Things I Do When Testing Weed & Why – A Guide To Testing Weed At Home With Quality Control Dee

testing weed at home

When I sit down totally test a strain of cannabis, there are some very regimented steps I take t ensure that my grading is consistent across all testers. The average consumer likely would never need to dig this far into it, but I enjoy looking objectively at all flower that comes across my desk. For years I was in the restaurant industry, and I accumulated quite a breadth of knowledge on wine. I took these teachings and applied them to cannabis. With so many different growers, and phones, I needed a subjective way to assess all these strains. So far, this is the best way I can figure to do it;

  1. 1 tier grinder. No keif trap. At home I use a grinder with a keif screen, but when testing a flower, I don’t want to knock all those beautiful trichromes off. I want to enjoy them in this first joint. This is going to give me a much more “true to flower”taste and high.
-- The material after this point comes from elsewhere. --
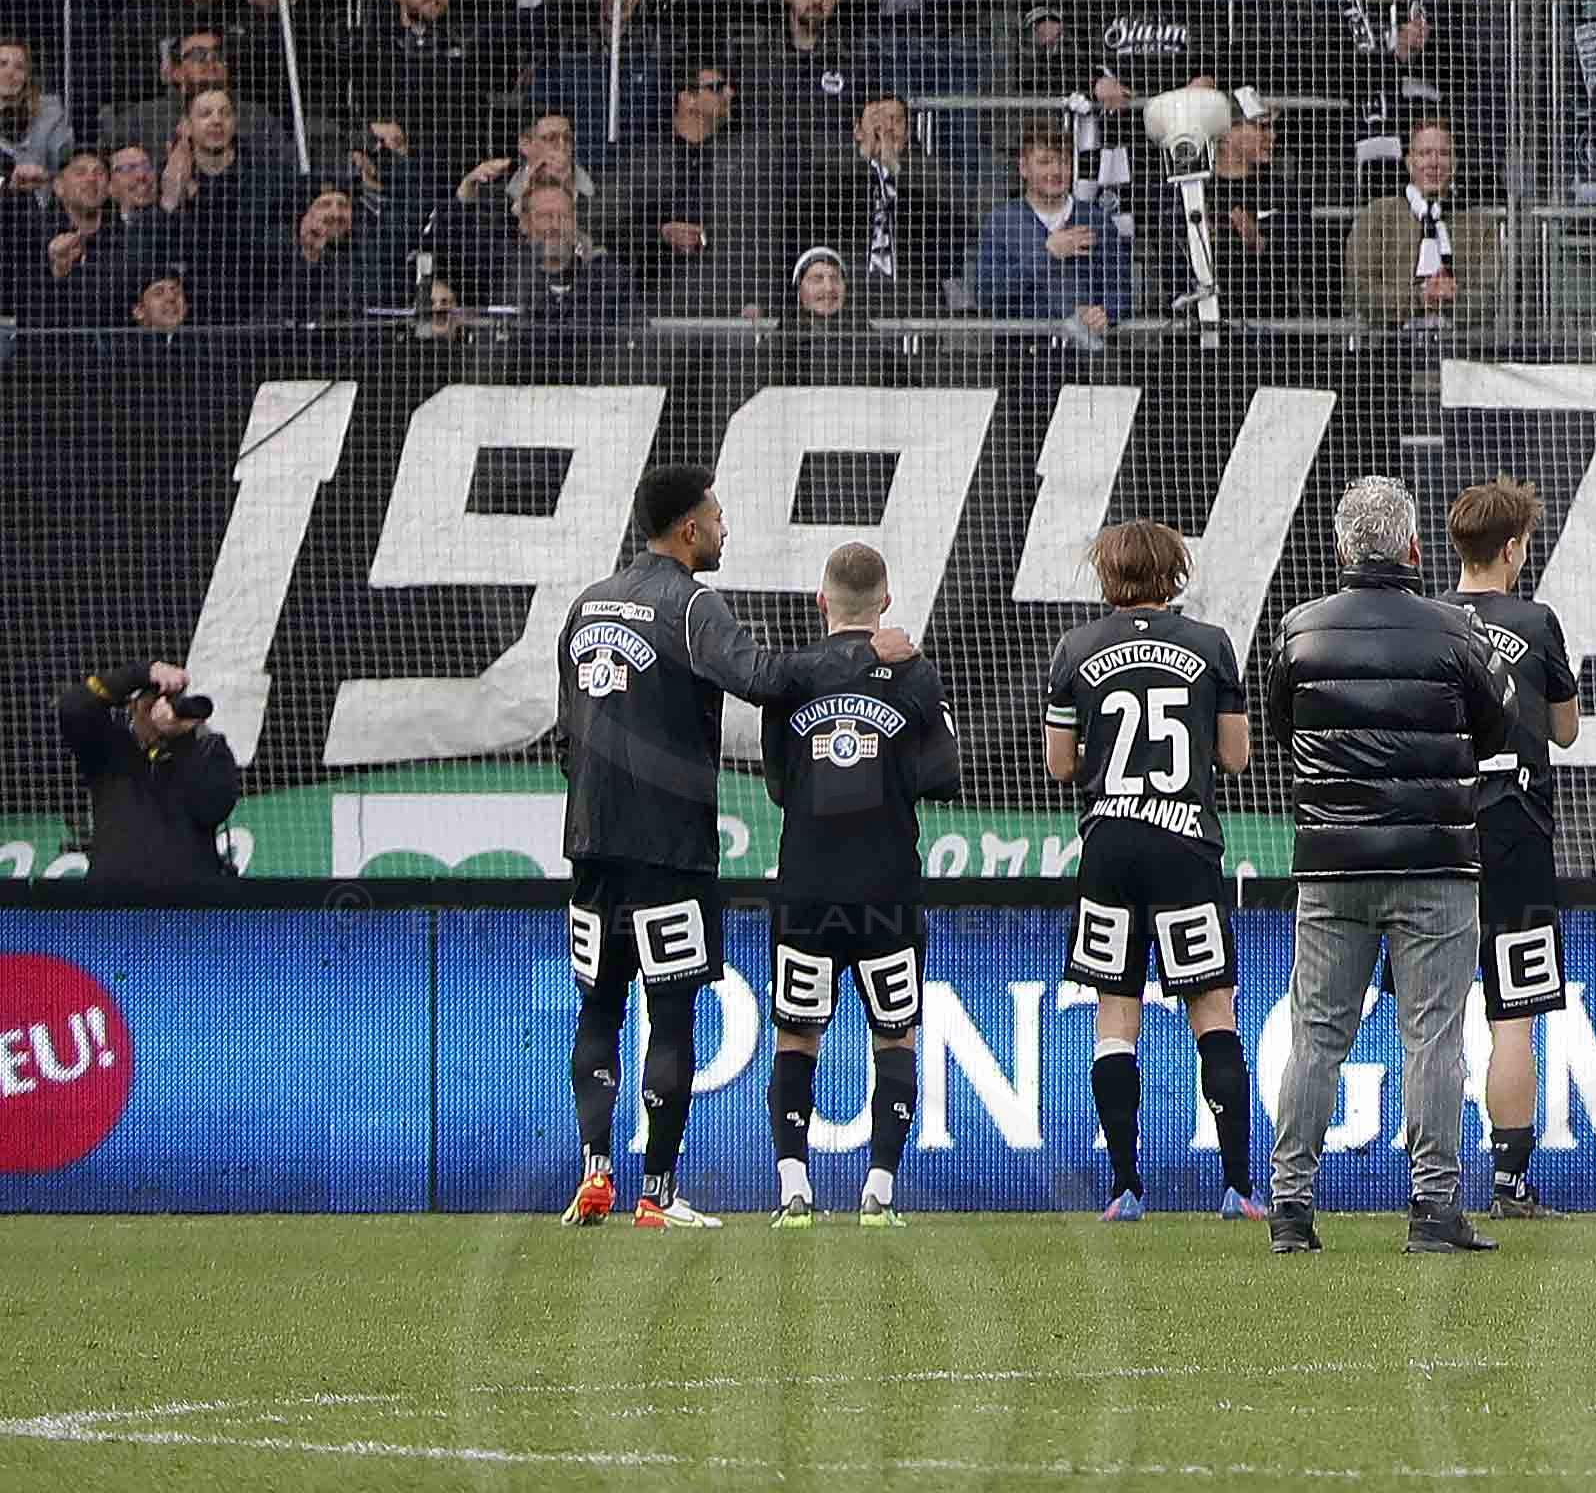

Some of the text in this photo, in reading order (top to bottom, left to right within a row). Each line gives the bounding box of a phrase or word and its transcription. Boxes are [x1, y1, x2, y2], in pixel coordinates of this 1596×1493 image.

[568, 624, 650, 670] PUNTIGAMER
[1088, 644, 1199, 680] PUNTIGAMER
[794, 696, 898, 735] PUNTIGAMER
[1101, 686, 1190, 796] 25
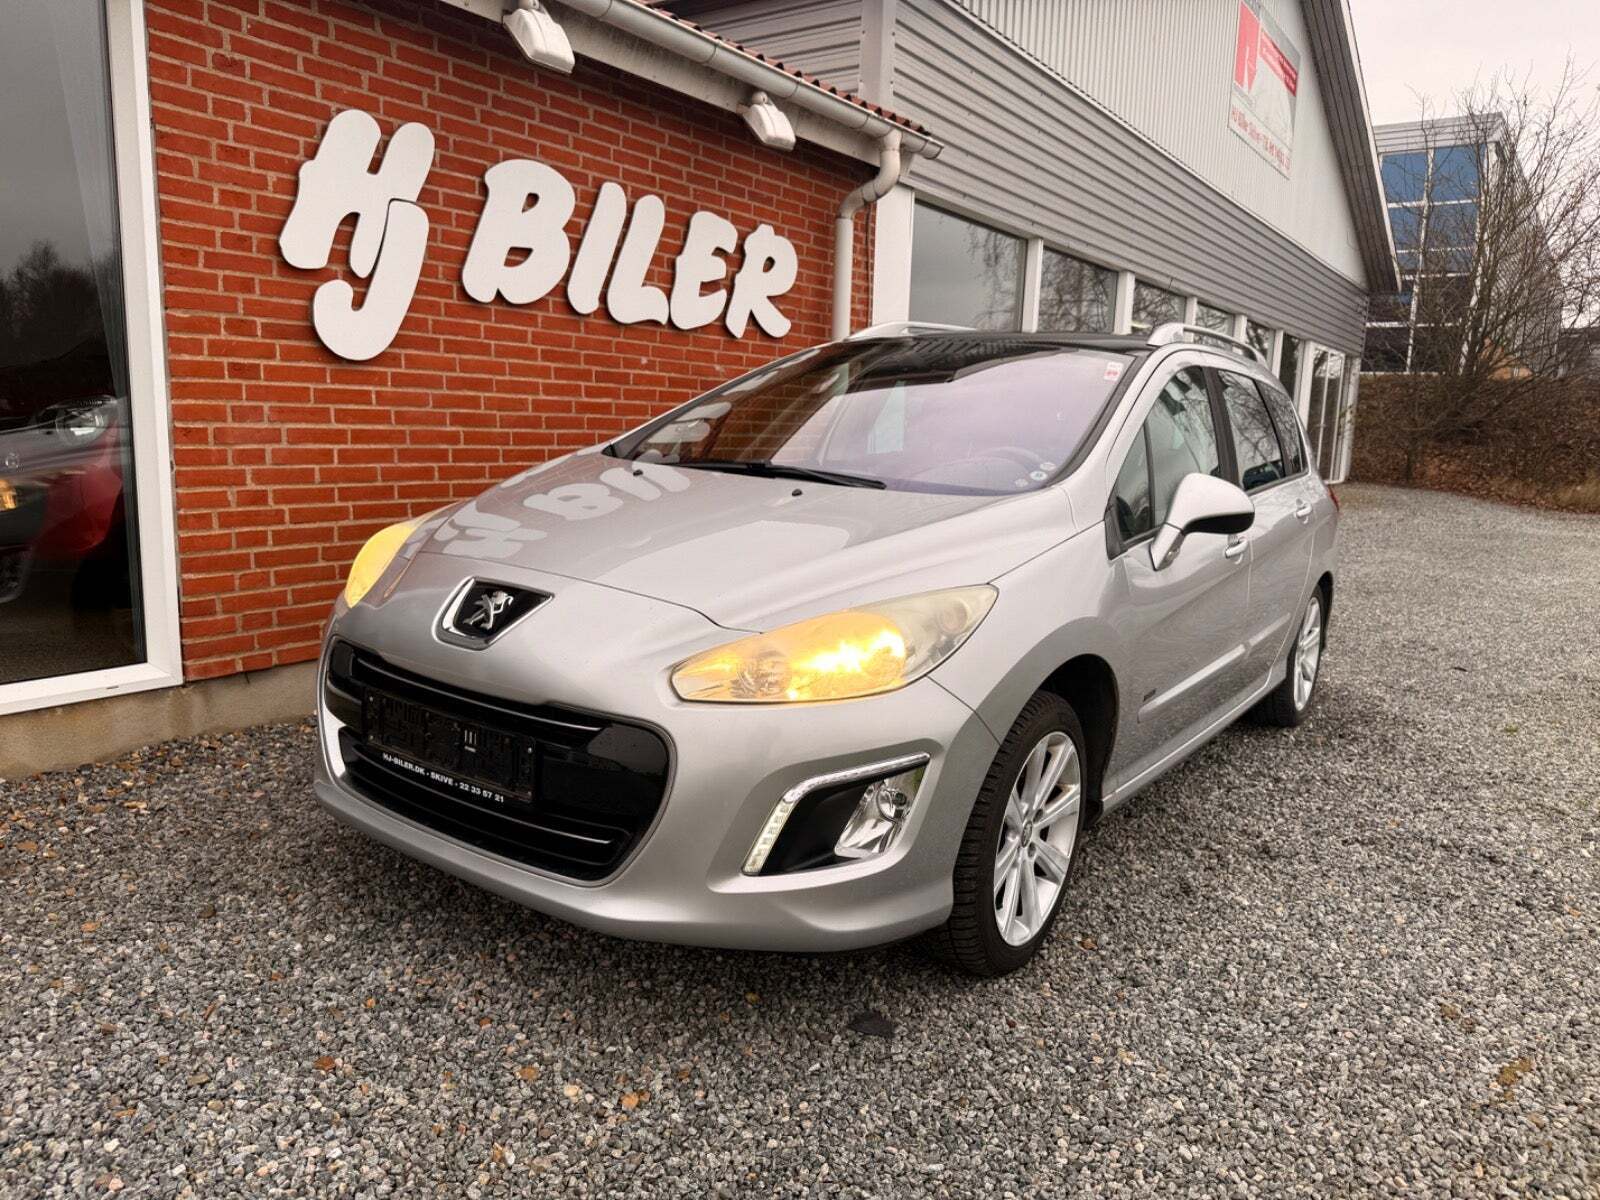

They get gummed up, and gross pretty quick. So I suggest just a cheap one you wouldn’t mind tossing out after a few taste tests.
  2. For an accurate test of the nose (smell) of the flower, you don’t want to take big huffs. Instead, take multiple small sniffs. Some terpenes are stronger than others. If you inhale too deeply, you could miss some of the more subtle tones hiding in there.
  3. When you first open your container, gently break your buds apart if they are all stuck together, and give the bag a gentle shake to move flowers around. This is going to let a lot more of the natural scents come through.
  4. Find the cleanest burning, flavorless, paper you can get. Flavoured blunt wraps, are cool and all, but they will never give you an accurate representation of the taste of the flower.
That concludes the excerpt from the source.